In Malaysia, the BR-V is offered in E, V and SE (Special Edition) trim levels and powered by 1.5L SOHC i-VTEC engine paired with Continuous Variable Transmission (CVT).

==== Pakistan ====
The first-generation BR-V was launched in Pakistan as a locally assembled model on 21 April 2017. Initially, it came in only two trim levels: i-VTEC and i-VTEC S. Later on, a third trim level, the i-VTEC MT, was launched on 1 April 2018. i-VTEC and i-VTEC S came with CVT while i-VTEC MT came with 6-speed manual transmission. All three trim levels came with the 1.5-litre L15Z1 SOHC i-VTEC I4 petrol engine.

Honda Atlas launched the locally assembled facelifted BR-V on 12 October 2019. The facelifted vehicle comes in only two trim levels: i-VTEC MT (manual transmission) and i-VTEC CVT (automatic transmission). Both trims use the same 1.5-litre petrol engine as the pre-facelift trims. The BR-V was discontinued in Pakistan in 2026.

==== Philippines ====
The first-generation BR-V was previewed at the 2016 Philippine International Motor Show.
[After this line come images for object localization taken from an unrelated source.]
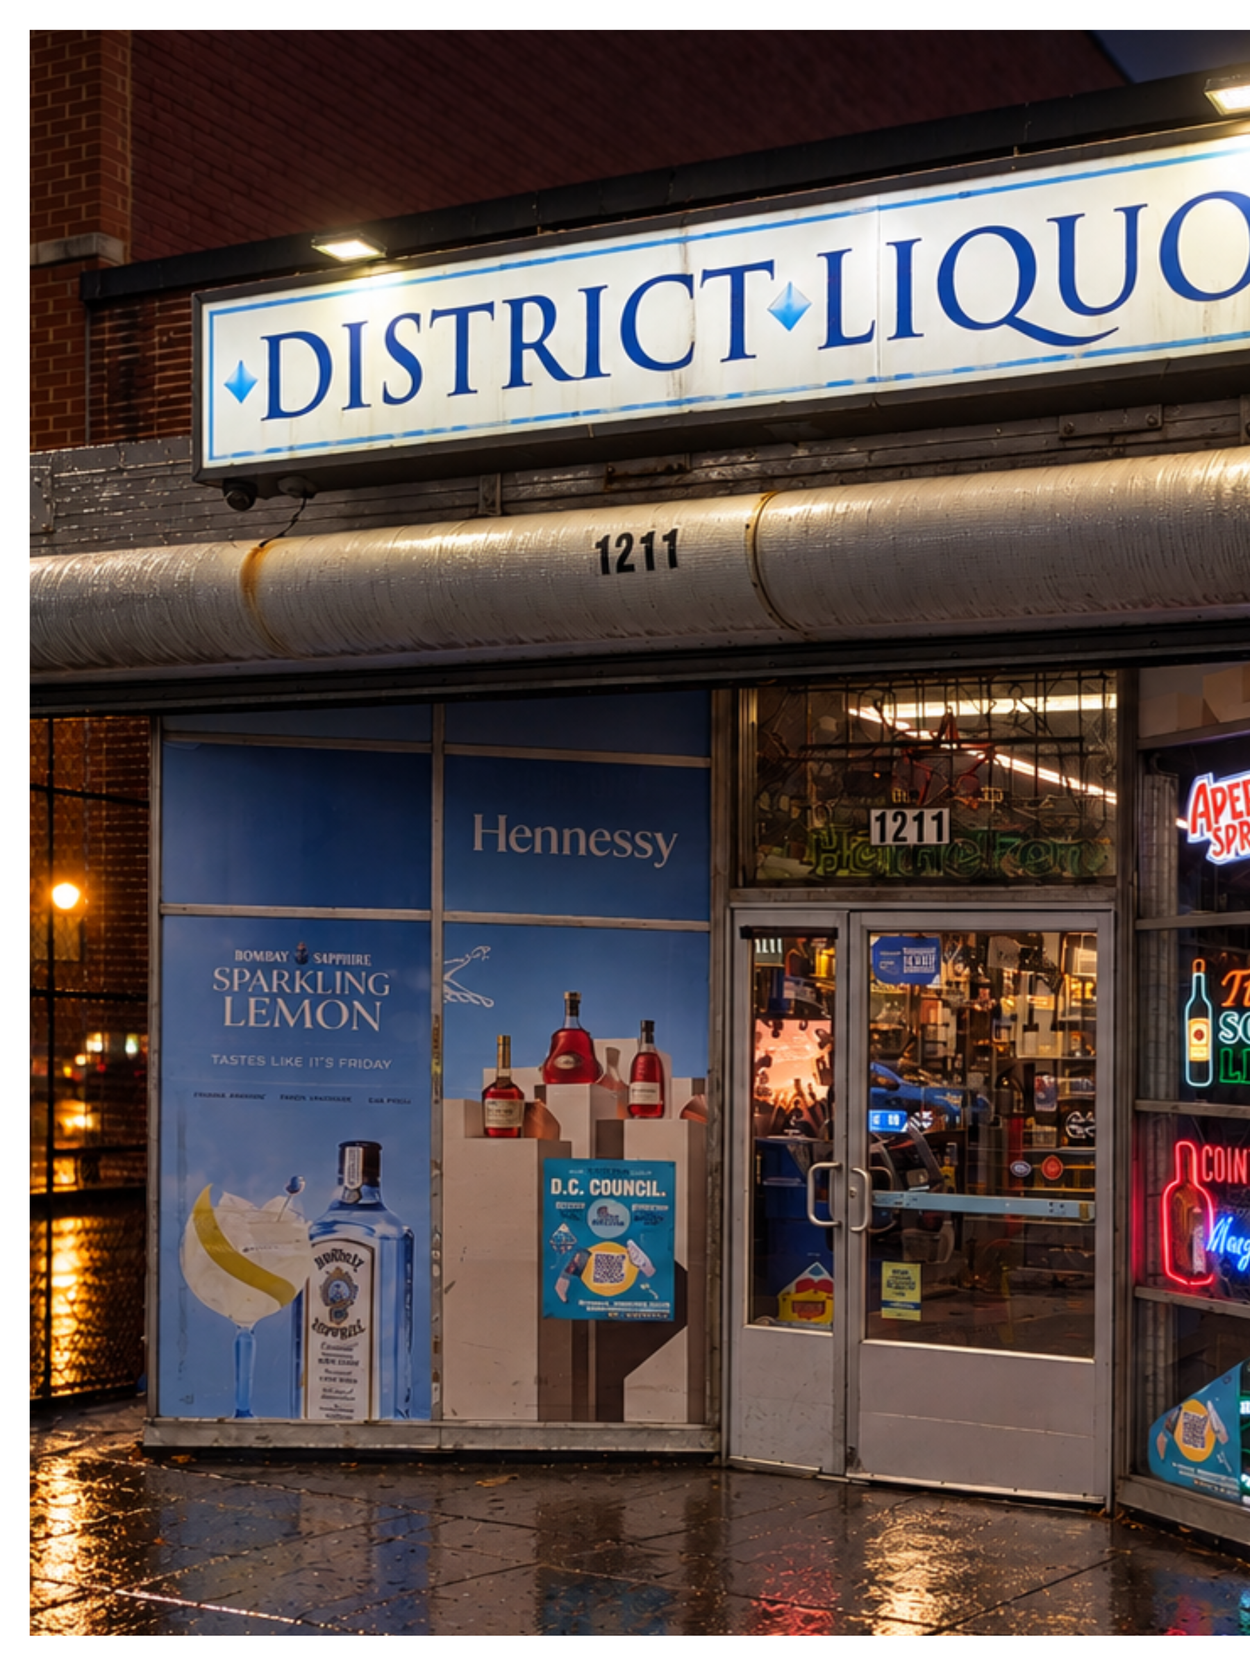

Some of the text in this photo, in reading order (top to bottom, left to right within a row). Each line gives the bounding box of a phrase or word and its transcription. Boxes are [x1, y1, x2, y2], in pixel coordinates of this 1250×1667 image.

[260, 259, 775, 421] DISTRICT
[594, 528, 679, 575] 1211
[473, 813, 679, 868] Hennessy
[875, 810, 944, 843] 1211
[234, 950, 372, 967] BOMBAY SAPPHIRE
[213, 966, 390, 997] SPARKLING
[224, 996, 382, 1032] LEMON
[211, 1054, 266, 1067] TASTES
[271, 1056, 303, 1067] LIKE
[339, 1058, 392, 1070] FRIDAY
[551, 1178, 584, 1196] D.C.
It is available in 2 trim levels: 1.5 S CVT and 1.5 V Navi CVT.

It went on sale on 10 December 2016 at all Honda dealerships across the country.

==== South Africa ====
The first-generation BR-V was launched into the South African market in October 2016 with either manual transmission or CVT options with three trim levels. South African models received paddle shifters on the CVT models. The lineup doesn't include EBD on any models. Both daytime running lamps and reverse parking sensors are absent and neither are offered as an optional factory option.

==== Thailand ====
Initially previewed at the 2015 Thailand International Motor Expo, the first-generation BR-V was launched in Thailand on the 28 January 2016 with two variants available: V and SV. The V only came with two rows of seats allowing for a seating capacity of 5 while the SV variant came with three rows of seats allowing for a seating capacity of 7.

=== Facelift ===
The BR-V received a facelift that includes redesigned front and rear fascia. This facelift was first launched at the 27th Indonesia International Motor Show on 25 April 2019.

On 5 November 2019, for the Mexican market, this facelift entered the market just after being sold for a year.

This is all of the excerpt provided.